Ils vont, côte à côte, à pas lents, au bord d’un champ à demi labouré.
« Ça va, répond le grand Charles, sans quitter des yeux sa charrue qui creuse un long sillon régulier derrière Faraud, le cheval. Laisse-moi ! Dirait-on pas que j’ai fait une action extraordinaire ?
N’importe qui aurait risqué sa peau de bon cœur pour le capitaine. Suffisait de le connaître…
Je l’ai relevé ; je l’ai emporté avec un copain. Ben ! ça se devait. Puis, dans les coups durs — comment t’expliquer ? — y a je n’sais quoi qui vous tient… Enfin, je comprends. Et la belle affaire d’être à moitié chic, pendant juste un quart d’heure, une fois ! Vois-tu, mon p’tit, du courage, c’est pas les grands jours qu’il en faut ; c’est du lundi matin au samedi soir, et encore le dimanche avec ! A l’occasion, même, on en a besoin pour des choses de rien du tout.
Je m’rappelle une histoire qu’est arrivée y a longtemps, je m’préparais à ma Communion solennelle…
Tu ne t’en souviens pas, de tante Angélique ? T’es trop jeune. T’avais trois ans quand elle a passé, la pauv’femme.
Elle prenait déjà de l’âge, c’était la sœur du grand-père.
Elle n’était pas bien belle, ni bien forte. Elle avait la figure ratatinée, comme les poires d’hiver cueillies trop tôt ; l’air de quelqu’un qui en veut à tout le monde, et le dos bossu, par-dessus le marché… sans compter qu’elle toussait à longueur de journée et qu’on n’aurait pas trouvé dans l’village de mendiante plus mal ficelée qu’elle avec ses jupes roussies et ses caracos déteints. Mais quoi ! c’était tante Angélique. On en faisait du cas chez nous. Dans son temps, elle avait travaillé dur et on n’oubliait pas non plus qu’elle avait élevé not’mère.
L’année où c’t’histoire que j’te dis est arrivée, tante Angélique avait été malade sur la fin de l’hiver. Depuis qu’elle était censément guérie, elle n’avait plus tout son bon sens.
Elle trottait du matin au soir. On ne pouvait plus l’arrêter.
— Eh ben ! ma tante Angélique, après quoi qu’vous tournez comme ça ? lui demandait le père, quand elle venait à la maison. Assoyez-vous. Vous ne tenez plus en place, pas plus qu’une jeunesse l’dimanche de la ducasse.
— Laisse-la, marmottait maman. Tais-toi. Faut pas rire de ça : c’est sa tête qui se dérange. Tenez, ma tante Angélique, vous accepterez ben une petite pièce pour acheter un paquet d’prise et dix sous de pastilles de menthe ?
Et tante Angélique, sans dire merci, partait vite, en ronchonnant, balançant à son bras son vieux panier, toujours plein d’épluchures, car elle avait c’te manie : ramasser dans les rues et sur les tas devant les portes des épluchures de légumes qu’elle emportait pour ses lapins.
Un jour, à la sortie du catéchisme, je traversais la rue pour aller à l’école et l’maître, un nouveau maître arrivé du lundi d’avant — quelqu’un de bien, un grand raide — me regardait venir, quand, tout à coup, j’entends les camarades, les filles aussi, qu’Monsieur le Curé libérait au même moment, pousser des « oh ! », des « ah ! » sur tous les tons, de quoi faire retourner les gens ; et qu’est-ce que j’vois ? Tante Angélique qui farfouillait dans une caisse et en tirait des trognons de choux, tout moisis, sales, répugnants…

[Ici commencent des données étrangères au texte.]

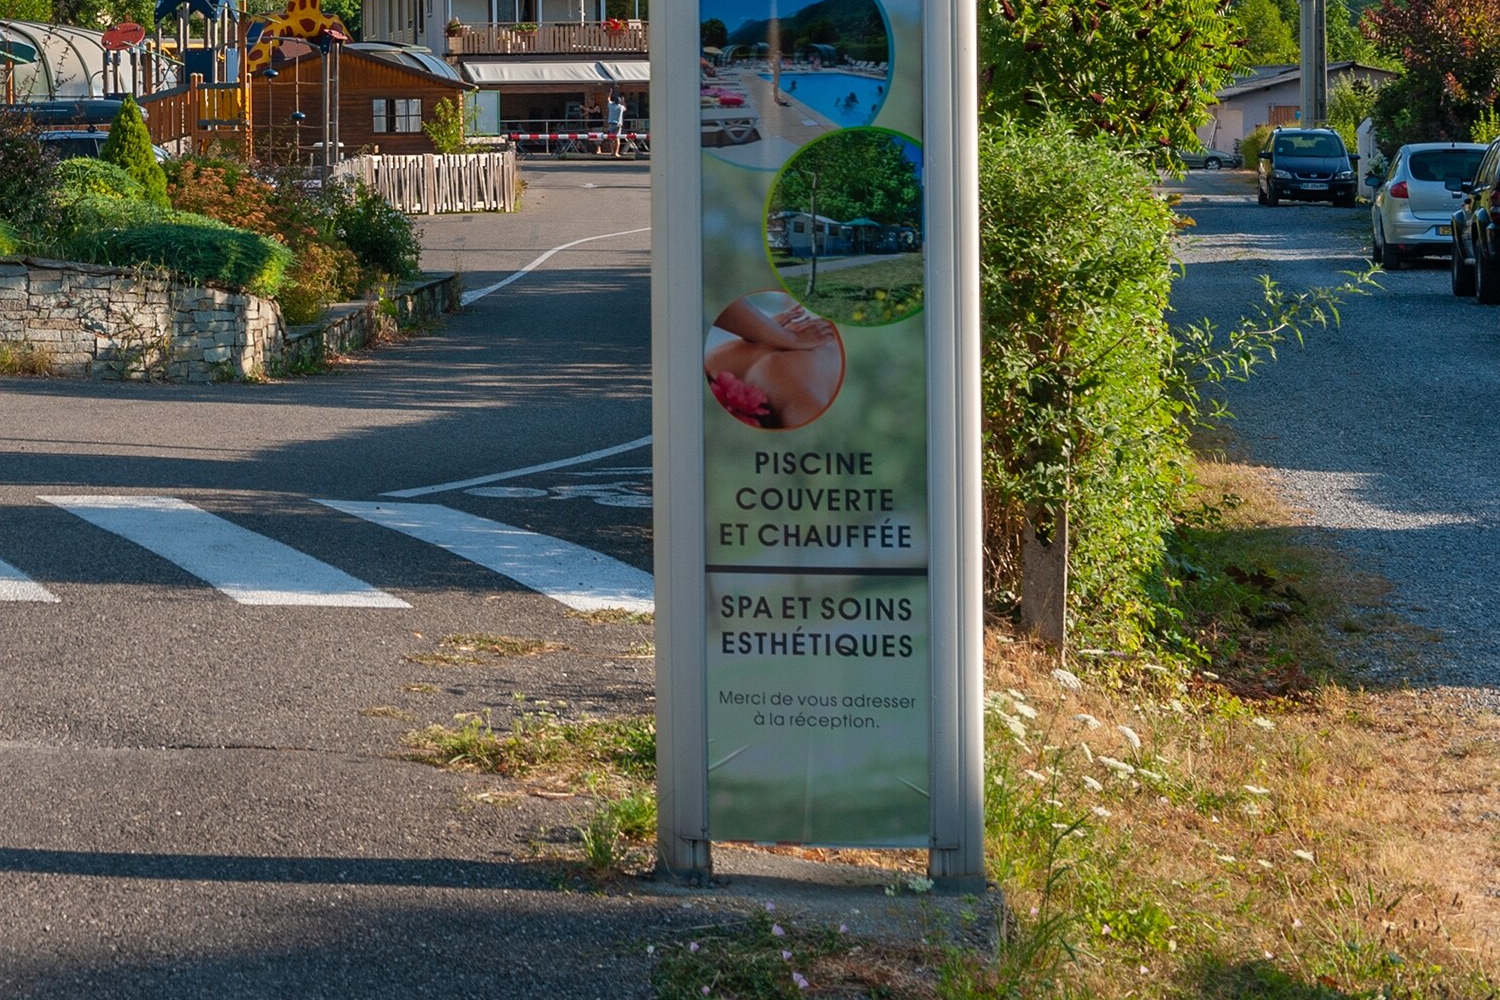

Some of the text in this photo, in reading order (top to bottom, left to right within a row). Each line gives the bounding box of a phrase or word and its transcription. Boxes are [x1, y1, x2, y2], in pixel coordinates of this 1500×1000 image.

— C’est pour son dîner… Elle va les manger ! Pouah ! Moi, à sa place, j’aurais mal au cœur… criaient les fillettes, en faisant des mines dégoûtées.
Les garçons la conspuaient :
— Hou ! la vieille sorcière !
Mon Dieu ! mon Dieu ! que j’avais honte ! Parole, j’devais êt’rouge jusqu’au bout d’mes oreilles. Et v’là l’instituteur qui m’demande, comme de juste :
— Qu’avez-vous ? Vous la connaissez cette malheureuse, Charles ?
J’ai pas menti. J’ai répondu :
— Oui, M’sieur… C’est ma tante Angélique.
Mais, tu peux m’croire, Rémy, quand, sous l’bombardement, j’ai été chercher l’capitaine, y n’m’a pas fallu tant d’courage ! »
Elisabeth Mariemy.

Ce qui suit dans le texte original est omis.